Old orchestra with a fresh approach
Those willing to brave the drenching rain and umbrella-shredding winds on Thursday night were amply rewarded upon arrival at Symphony Hall. The venerable Leipzig Gewandhaus Orchestra took the stage with its music director Riccardo Chailly and before long, its storied string section was radiating the heat of a crackling fire.
Orchestras don’t get more historic than the Gewandhaus, whose roots stretch back to the mid-18th century, and whose music directors included Felix Mendelssohn. Decades spent behind the Iron Curtain, it is also said, had the effect of preserving its burnished Central European sound during an orchestral era otherwise marked by a flattening of regional differences.

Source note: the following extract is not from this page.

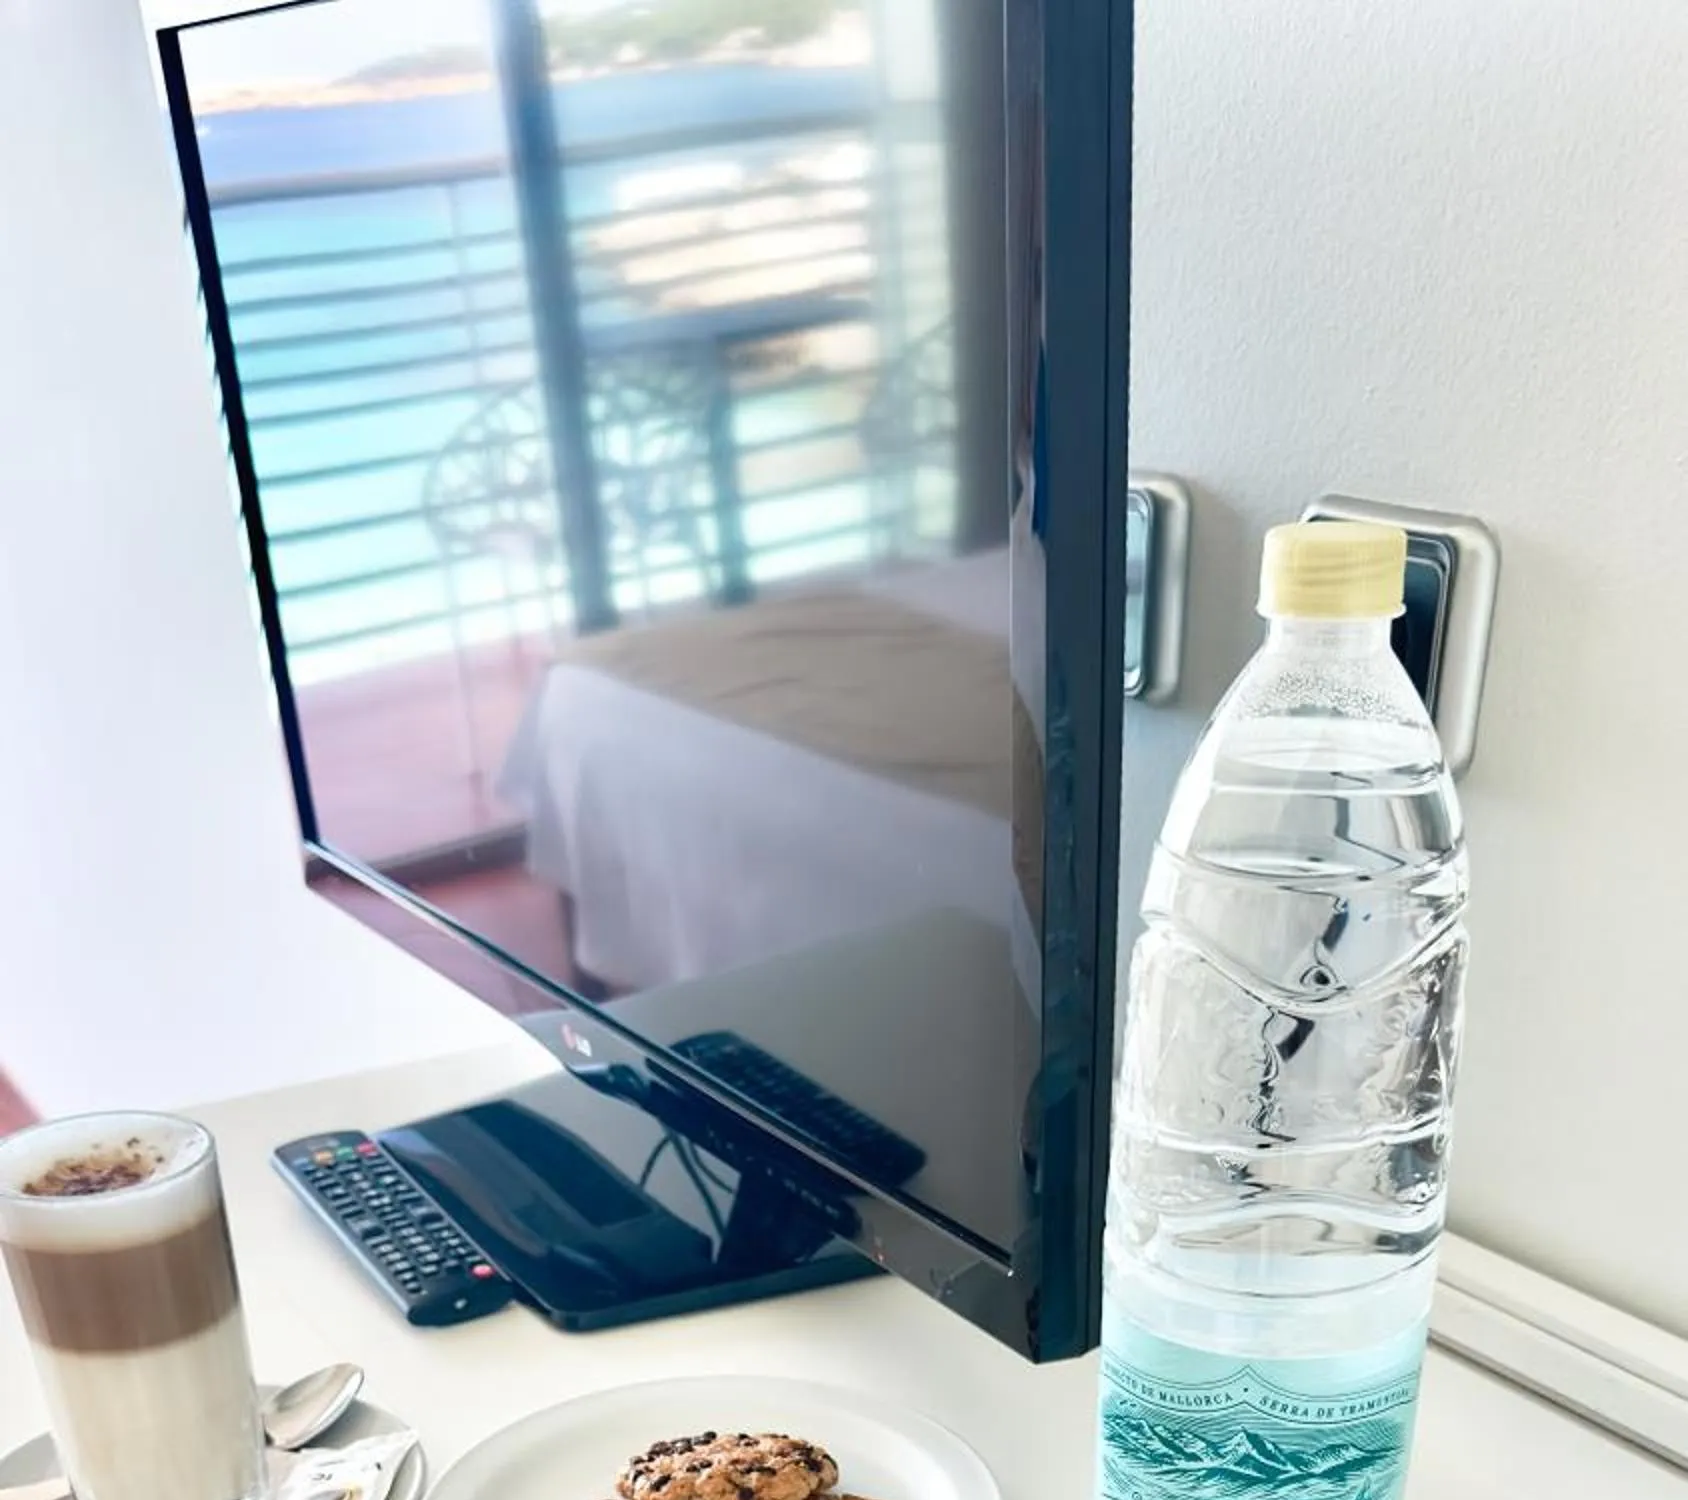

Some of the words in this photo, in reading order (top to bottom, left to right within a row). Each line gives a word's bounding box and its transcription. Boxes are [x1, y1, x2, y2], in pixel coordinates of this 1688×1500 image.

But Thursday’s Celebrity Series appearance gave no impression of an orchestra coasting on its past laurels. These days in Leipzig, tradition has a fresh swing in its step. The ensemble is now dotted with younger players, and Chailly, the stylish and energetic Milanese conductor, has been its music director since 2005. On this occasion he drew from his orchestra an exhilarating performance of Beethoven’s Seventh Symphony, cannily paced and full of passionate playing deftly corralled into a cogent rhetorical frame.
From the first movement, the Gewandhaus’s woodwind section displayed an impressively smooth blend, but it was the orchestra’s vast string section that commanded the ears, not to mention the eyes, with players through the back stands digging deeply into their strings and swaying like one organic body. Chailly knows how to build the ensemble’s darkly shaded sound from the bottom up, and he seemed to be perpetually coaxing more sound from the cellos and basses. But I was taken as well by the Gewandhaus’s smoldering inner voices, the violas and second violins, which brought to the mix not only heat but also strong rhythmic definition, highlighting some of the complexities of Beethoven’s string writing that can often go unnoticed. Chailly also intensified the rhythmic punch of many passages by foregrounding the timpani and drawing from the whole orchestra hard-jabbing accents that seemed aimed at the gut.
Before intermission came Beethoven’s “Emperor’’ Concerto, with the Canadian pianist Louis Lortie filling in for the originally scheduled Nelson Freire, who is battling tendinitis. Lortie is less of a household name but he is a compelling player possessed of a clean and graceful virtuoso technique. On Thursday night, his “Emperor’’ sounded confident, bright and steely, with the poetry perhaps a bit too confined to the slow movement, here introduced with orchestral playing of striking spaciousness and uncommon tonal beauty.
Encores capped both halves: from Lortie, a nimble dash through the last movement of Beethoven’s “Les Adieux’’ Sonata, and from Chailly and the orchestra, Beethoven’s “Prometheus’’ Overture, once again full of high spirits.